By spring she was pregnant and it was showing. She looked different then, as though she might be sliding out of her skin at any moment. There was a slowness to her movements, and she started to smile when I drove by her house on the way to the hardware store. Her name was Ruth, and her hair was not the prettiest brown. She had large, white teeth.
Pamela and I had lived on Mackinac Lane for nearly seven years. She hadn't wanted to raise kids in town. She was queer about it, as though Severe were a large city with police sirens tearing up the night and arsonists stealing into backyards. She said our children needed space, they needed to play in the woods. They should come home covered in dirt and burrs, and they should have a dog and a swing set in back and a treehouse. At night she would give them a bath and look for ticks on their lithe bodies. She loved the smell of baby shampoo. We'd bought twelve acres of woods in the back of our home, but after those seven years we still had no children to fill the air with screams and come home with bruises, and dirt, and pine needles stuck to their clothes.
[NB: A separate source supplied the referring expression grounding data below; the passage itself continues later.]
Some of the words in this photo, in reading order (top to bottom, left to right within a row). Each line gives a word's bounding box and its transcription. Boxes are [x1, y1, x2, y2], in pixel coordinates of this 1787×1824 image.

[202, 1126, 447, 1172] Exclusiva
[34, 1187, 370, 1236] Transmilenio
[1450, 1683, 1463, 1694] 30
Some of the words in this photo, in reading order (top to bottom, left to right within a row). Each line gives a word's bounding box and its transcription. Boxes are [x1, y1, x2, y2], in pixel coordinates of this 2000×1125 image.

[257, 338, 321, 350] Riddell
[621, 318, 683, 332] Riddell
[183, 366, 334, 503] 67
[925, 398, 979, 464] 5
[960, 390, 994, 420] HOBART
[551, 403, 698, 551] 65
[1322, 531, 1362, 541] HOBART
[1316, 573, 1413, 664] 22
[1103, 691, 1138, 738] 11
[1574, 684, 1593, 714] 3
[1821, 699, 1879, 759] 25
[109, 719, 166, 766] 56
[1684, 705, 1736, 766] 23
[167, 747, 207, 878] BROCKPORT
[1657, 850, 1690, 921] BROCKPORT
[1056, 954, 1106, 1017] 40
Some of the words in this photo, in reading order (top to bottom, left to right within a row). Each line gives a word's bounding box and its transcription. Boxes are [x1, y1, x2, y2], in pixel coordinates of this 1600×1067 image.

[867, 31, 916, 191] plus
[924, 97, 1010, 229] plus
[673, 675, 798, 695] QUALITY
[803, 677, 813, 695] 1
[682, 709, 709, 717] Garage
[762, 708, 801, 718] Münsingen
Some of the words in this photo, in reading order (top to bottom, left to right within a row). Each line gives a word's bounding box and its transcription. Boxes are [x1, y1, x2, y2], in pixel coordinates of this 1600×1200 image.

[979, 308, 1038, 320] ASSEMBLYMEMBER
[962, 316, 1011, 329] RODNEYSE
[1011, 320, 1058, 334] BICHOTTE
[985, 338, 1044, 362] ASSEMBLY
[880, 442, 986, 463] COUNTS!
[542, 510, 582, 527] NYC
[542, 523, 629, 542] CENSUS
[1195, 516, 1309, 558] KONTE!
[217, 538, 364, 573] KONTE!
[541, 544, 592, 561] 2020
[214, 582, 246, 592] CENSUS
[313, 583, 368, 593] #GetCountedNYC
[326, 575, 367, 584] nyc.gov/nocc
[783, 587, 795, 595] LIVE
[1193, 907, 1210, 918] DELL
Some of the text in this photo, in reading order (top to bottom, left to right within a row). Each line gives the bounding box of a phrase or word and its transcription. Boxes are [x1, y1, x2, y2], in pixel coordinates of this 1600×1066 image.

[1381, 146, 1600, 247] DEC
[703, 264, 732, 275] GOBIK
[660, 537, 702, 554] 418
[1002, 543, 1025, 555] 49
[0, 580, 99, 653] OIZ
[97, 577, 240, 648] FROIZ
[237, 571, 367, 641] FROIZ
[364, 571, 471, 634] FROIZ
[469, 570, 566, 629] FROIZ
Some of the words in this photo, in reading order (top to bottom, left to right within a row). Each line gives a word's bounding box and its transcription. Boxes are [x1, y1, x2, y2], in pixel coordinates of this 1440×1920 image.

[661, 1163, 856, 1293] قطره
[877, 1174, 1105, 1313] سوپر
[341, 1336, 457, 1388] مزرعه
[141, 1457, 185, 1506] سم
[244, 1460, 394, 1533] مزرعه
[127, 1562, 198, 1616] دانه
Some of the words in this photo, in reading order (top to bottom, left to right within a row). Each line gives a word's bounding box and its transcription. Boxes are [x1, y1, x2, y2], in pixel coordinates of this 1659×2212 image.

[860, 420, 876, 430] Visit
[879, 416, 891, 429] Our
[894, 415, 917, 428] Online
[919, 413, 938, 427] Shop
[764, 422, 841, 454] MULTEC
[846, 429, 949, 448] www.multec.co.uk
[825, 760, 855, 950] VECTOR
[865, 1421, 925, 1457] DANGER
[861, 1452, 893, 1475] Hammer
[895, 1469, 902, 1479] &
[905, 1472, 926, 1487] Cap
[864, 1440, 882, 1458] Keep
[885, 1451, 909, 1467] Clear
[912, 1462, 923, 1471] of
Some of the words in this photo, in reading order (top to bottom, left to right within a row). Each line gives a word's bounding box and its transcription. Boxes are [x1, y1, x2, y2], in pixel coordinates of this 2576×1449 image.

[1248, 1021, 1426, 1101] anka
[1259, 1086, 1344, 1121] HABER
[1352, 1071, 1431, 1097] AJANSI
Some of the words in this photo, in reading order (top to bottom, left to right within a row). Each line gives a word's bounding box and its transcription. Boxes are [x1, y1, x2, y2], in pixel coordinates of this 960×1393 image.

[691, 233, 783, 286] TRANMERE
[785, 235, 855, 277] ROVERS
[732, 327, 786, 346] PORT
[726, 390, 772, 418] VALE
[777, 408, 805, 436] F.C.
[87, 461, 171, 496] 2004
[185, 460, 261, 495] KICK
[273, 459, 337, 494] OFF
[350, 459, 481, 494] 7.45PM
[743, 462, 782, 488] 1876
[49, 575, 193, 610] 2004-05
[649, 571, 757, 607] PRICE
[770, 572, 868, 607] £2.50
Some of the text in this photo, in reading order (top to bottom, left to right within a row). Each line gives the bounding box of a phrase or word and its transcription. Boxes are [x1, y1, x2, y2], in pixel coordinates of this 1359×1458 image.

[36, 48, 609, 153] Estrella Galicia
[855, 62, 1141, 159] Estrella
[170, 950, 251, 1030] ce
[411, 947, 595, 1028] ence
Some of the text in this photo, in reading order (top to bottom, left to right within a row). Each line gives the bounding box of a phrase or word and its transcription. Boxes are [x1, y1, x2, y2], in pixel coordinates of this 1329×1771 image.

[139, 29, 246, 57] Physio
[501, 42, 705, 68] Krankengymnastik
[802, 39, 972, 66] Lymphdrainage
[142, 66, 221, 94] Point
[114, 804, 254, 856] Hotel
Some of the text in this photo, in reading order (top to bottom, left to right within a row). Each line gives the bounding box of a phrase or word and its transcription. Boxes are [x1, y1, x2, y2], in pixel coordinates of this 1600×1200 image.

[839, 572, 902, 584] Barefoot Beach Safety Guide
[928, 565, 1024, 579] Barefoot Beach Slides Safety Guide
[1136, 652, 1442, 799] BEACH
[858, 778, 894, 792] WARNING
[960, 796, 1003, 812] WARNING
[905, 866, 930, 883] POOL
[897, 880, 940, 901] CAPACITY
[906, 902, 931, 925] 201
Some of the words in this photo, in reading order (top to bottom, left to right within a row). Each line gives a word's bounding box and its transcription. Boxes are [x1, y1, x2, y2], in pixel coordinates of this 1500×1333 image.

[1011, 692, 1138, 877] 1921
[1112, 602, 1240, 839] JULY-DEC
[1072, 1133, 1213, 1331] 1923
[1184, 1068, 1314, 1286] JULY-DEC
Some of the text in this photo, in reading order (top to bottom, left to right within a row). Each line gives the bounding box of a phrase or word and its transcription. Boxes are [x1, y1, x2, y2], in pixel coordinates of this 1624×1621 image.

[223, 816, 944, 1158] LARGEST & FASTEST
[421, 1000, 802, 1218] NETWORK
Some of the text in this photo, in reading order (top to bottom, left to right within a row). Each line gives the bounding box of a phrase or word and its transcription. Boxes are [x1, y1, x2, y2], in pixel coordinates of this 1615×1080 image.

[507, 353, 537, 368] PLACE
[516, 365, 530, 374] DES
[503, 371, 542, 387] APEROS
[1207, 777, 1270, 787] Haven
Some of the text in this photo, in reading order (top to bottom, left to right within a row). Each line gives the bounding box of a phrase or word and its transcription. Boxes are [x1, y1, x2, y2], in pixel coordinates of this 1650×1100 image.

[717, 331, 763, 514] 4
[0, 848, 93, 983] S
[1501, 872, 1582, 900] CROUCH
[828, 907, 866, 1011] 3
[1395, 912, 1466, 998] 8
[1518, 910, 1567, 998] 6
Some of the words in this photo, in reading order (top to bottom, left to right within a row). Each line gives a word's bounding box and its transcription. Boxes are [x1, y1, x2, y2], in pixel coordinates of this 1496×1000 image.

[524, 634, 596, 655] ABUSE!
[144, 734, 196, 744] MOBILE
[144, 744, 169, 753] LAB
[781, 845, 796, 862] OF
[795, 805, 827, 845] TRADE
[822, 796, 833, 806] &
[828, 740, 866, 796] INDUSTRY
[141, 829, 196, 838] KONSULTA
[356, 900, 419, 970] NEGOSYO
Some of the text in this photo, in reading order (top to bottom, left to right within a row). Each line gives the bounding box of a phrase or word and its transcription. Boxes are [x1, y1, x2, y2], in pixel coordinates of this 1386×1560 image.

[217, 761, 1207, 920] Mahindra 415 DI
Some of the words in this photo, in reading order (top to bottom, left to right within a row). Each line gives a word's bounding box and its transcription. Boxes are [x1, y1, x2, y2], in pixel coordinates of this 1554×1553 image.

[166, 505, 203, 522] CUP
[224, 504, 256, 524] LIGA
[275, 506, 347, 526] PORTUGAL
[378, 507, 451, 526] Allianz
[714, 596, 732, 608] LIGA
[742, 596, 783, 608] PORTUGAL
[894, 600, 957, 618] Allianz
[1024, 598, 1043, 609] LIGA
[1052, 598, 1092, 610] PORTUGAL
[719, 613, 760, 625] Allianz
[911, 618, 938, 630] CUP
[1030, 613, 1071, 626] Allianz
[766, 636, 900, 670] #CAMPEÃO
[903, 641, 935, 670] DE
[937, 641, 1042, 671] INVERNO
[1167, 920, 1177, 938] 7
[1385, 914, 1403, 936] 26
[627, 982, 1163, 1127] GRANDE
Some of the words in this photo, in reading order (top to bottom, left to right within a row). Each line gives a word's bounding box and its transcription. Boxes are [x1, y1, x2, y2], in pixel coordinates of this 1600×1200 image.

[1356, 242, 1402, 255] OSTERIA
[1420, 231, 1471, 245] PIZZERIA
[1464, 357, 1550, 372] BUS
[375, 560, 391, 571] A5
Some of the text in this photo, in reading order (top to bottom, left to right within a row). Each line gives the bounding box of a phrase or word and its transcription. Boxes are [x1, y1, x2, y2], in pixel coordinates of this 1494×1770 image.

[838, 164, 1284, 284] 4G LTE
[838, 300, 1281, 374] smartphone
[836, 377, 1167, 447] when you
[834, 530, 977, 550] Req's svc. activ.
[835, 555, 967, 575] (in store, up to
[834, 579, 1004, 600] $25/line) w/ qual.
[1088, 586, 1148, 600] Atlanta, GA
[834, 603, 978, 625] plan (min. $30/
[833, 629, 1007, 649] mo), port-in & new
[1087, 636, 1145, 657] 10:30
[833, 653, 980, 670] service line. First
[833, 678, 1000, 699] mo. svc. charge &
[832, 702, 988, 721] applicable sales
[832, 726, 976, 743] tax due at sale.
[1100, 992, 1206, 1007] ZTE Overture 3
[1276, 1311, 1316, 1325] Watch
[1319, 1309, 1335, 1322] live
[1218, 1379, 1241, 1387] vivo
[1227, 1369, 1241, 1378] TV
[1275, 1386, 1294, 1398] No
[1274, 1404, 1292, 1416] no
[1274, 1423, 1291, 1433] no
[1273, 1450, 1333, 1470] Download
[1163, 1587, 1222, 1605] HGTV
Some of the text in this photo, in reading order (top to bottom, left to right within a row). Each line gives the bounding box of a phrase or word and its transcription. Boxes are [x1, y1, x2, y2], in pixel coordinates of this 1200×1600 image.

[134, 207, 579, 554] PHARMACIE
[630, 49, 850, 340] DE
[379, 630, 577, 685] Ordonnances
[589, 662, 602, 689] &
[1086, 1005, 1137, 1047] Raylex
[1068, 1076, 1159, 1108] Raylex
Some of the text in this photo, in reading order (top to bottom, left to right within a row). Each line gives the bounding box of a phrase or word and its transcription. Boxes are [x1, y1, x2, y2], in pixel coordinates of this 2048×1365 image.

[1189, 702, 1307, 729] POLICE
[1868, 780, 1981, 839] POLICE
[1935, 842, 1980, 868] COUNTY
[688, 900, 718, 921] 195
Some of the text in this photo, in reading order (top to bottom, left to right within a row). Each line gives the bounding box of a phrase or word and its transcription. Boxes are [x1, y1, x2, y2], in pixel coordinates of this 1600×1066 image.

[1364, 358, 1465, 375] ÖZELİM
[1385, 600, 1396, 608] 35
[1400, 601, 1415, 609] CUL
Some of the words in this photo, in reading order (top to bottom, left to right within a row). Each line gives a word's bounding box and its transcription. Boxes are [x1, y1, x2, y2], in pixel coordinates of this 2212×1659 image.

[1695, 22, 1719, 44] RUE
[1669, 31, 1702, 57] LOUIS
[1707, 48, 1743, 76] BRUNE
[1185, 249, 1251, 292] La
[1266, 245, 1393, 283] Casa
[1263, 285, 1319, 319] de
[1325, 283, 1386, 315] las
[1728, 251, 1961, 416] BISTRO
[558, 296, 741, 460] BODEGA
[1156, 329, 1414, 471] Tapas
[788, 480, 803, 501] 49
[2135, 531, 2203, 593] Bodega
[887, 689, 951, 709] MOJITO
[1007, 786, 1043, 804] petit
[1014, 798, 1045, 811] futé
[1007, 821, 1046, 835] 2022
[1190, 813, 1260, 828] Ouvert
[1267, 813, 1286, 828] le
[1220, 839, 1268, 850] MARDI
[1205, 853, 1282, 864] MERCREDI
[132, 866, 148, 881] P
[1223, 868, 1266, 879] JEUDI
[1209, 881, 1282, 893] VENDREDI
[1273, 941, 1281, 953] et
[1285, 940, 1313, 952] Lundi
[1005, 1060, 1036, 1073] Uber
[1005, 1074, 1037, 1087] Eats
We got married the year after we both graduated from high school. She'd been the kinky one, the one who had slept with several members of the baseball team by the time she set her eyes on me. What they saw the first time she even recognized I was alive I never asked her, and she was wise enough not to tell. But soon after we started going steady, she began to teach me what she had been taught. I had never been with another woman. Not in that way, not so completely. Pamela proved to be a stern teacher.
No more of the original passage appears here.